Preface
// RUNTIME VALIDATORS
export function is<T>(input: unknown | T): input is T; // returns boolean
export function assert<T>(input: unknown | T): T; // throws TypeGuardError
export function validate<T>(input: unknown | T): IValidation<T>; // detailed
export const customValidators: CustomValidatorMap; // customizable
// ENHANCED JSON
export function application<...Args>(): IJsonApplication; // JSON schema
export function assertParse<T>(input: string): T; // type safe parser
export function assertStringify<T>(input: T): string; // safe and faster
// +) isParse, validateParse
// +) stringify, isStringify, validateStringify
// RANDOM DATA GENERATOR
export function random<T>(g?: Partial<IRandomGenerator>): Primitive<T>;
Let's study why typia
is much faster than class-validator
.
- Github Repository: https://github.com/samchon/typia
- Guide Documents: https://typia.io/docs
I've written some articles introducing my TypeScript runtime validator library typia in here dev.to
community. In these previous articles, I had often explained that typia
boosts up validation spped through AoT (Ahead of Time) compliation, and it is maximum 20,000x faster than class-validator
.
By the way, describing the AoT compilation, I'd just told that typia
generates static validation code for target T
type, and such static code makes program faster. I never had not explained the reason why such static validation codes are much faster than dynamic validation codes of class-validator
.
In today, I'll describe the reason why.
// TYPESCRIPT SOURCE CODE
typia.is<number>(3);
typia.createIs<Date>();
// COMPILED JAVASCRIPT CODE
((input) => "number" === typeof input)(3);
(input) => input instanceof Date;
Every objects are HashMap
To aid your understanding, I will use many figurative expressions and pseudo codes. However, these figurative expressions and pseudo codes may be somewhat different from actual computer engineering theories. Please read this article considering such aspects.
Have you heard that every objects in dynamic languages are HashMap
?
To know how typia
optimizes the performance, you've to understand this concept. Why dynamic languages are using HashMap
, and how the HashMap
makes program slower.
// in dynamic language like JavaScript,
const obj = {};
// you can any properties at any time
obj.a = "A";
obj.wafdfaf = 3;
obj[RandomGenerator.string()] = true;
// removing properties are also same
delete obj.a;
delete obj.wafdfaf;
At first, JavaScript is a dynamic language.
So, it is possible to assign any type of value to a variable.
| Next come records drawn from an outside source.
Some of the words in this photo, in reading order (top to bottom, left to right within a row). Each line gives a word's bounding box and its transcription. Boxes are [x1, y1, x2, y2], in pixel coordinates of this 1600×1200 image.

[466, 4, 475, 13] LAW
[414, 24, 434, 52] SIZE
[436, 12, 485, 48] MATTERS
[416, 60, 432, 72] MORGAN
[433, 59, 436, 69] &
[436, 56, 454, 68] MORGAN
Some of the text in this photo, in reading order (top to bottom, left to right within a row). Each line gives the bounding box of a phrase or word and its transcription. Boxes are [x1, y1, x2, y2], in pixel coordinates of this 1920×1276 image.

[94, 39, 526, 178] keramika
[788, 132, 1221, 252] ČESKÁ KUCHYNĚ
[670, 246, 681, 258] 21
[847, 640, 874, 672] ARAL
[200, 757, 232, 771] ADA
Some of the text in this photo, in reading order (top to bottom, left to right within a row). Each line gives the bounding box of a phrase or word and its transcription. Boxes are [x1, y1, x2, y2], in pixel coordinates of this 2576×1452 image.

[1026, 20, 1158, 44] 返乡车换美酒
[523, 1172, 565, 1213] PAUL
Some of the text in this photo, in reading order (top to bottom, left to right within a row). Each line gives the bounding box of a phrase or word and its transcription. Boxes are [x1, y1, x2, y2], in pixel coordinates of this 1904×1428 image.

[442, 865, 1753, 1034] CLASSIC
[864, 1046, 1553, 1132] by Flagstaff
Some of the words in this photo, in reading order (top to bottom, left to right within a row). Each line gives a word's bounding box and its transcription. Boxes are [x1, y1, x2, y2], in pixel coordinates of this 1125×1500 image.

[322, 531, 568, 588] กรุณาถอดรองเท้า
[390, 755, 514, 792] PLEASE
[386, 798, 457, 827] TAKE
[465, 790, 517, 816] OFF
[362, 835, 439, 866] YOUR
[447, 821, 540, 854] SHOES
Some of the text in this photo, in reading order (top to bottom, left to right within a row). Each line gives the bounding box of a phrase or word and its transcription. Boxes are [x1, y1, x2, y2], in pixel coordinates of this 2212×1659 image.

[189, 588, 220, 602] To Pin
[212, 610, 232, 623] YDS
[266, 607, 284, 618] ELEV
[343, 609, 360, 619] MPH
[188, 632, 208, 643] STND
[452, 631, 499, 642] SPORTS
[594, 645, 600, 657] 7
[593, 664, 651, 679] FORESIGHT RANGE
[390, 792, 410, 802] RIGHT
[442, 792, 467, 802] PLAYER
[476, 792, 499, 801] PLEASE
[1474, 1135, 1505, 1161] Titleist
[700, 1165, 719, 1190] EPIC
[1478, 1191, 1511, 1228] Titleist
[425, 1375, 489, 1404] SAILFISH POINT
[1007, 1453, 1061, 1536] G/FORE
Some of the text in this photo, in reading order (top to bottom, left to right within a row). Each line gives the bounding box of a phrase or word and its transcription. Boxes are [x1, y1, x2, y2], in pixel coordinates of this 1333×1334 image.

In the object case, it is even possible to add or delete properties at any time.
To support dynamic properties' insertions and deletions, the object must be implemented as a HashMap
type.
It's the reason why dynamic languages are using HashMap
for objects, and there's no any exception case in the dynamic languages. Python, Ruby, PHP, and so on, all of them are using HashMap
for objects.
HashMap
class
export class HashMap<Key, T> {
private hasher_: (key: Key) => number;
private equal_: (x: Key, y: Key) => number;
// HashMap stores its key-value pairs into a Linked List
private data_: List<Entry<Key, T>>;
// Instead, have bucket array of linked list nodes, for fast key finding
private buckets_: List.Node<Entry<Key, T>>[][];
private find(key: Key): List.Node<Entry<Key, T>> {
const hash: number = this.hasher_(key);
const index: number = hash % this.buckets_.length;
const bucket: List.Node<Entry<Key, T>>[] = this.buckets_[index] ?? [];
return bucket.find(
(node) => this.equal_(node.value.key, key)
) ?? this.data_.end();
}
// Therefore, single key access could be faster
public has(key: Key): boolean {
this.find(key) !== this.data_.end();
}
public get(key: Key): T | undefined {
const it: List.Node<Entry<Key, T>> = this.find(key);
return it !== this.data_.end()
? it.value.value
: undefined;
}
// However, full iteration is slower as well as linked list
public entries(callback: (value: [Key, T]) => void): void {
let it: List.Node<Entry<Key, T>> = this.data_.begin();
while (it !== this.data_.end()) {
callback([it.value.key, it.value.value]);
it = it.next();
}
}
public size(): number { return this.data_.size(); }
}
export class List<T> {
private begin_: List<T>;
private end_: List<T>;
private size_: number;
public size(): number;
public begin(): List.Node<T>;
public end(): List.Node<T>;
}
export namespace List {
export class Node<T> {
public next: Node<T> | null;
public prev: Node<T> | null;
public value: T;
}
}
- Actual codes:
By the way, you know how to implement the HashMap
? HashMap
stores its key-value pairs into a Linked List
(doubly-linked-list in C++ STL case). Also, for the fast key finding, it stores nodes of Linked List
into an Bucket
array.
This is the reason why HashMap
makes dynamic languages slower. As you know, static languages are containing object properties into a fixed and sequenced memory space like an Array
. Comparing iteration speed of Linked List
versus Array
, which one is faster? Of course, Array
is much faster. This is the one of principle reason why dynamic languages are slower than static languages.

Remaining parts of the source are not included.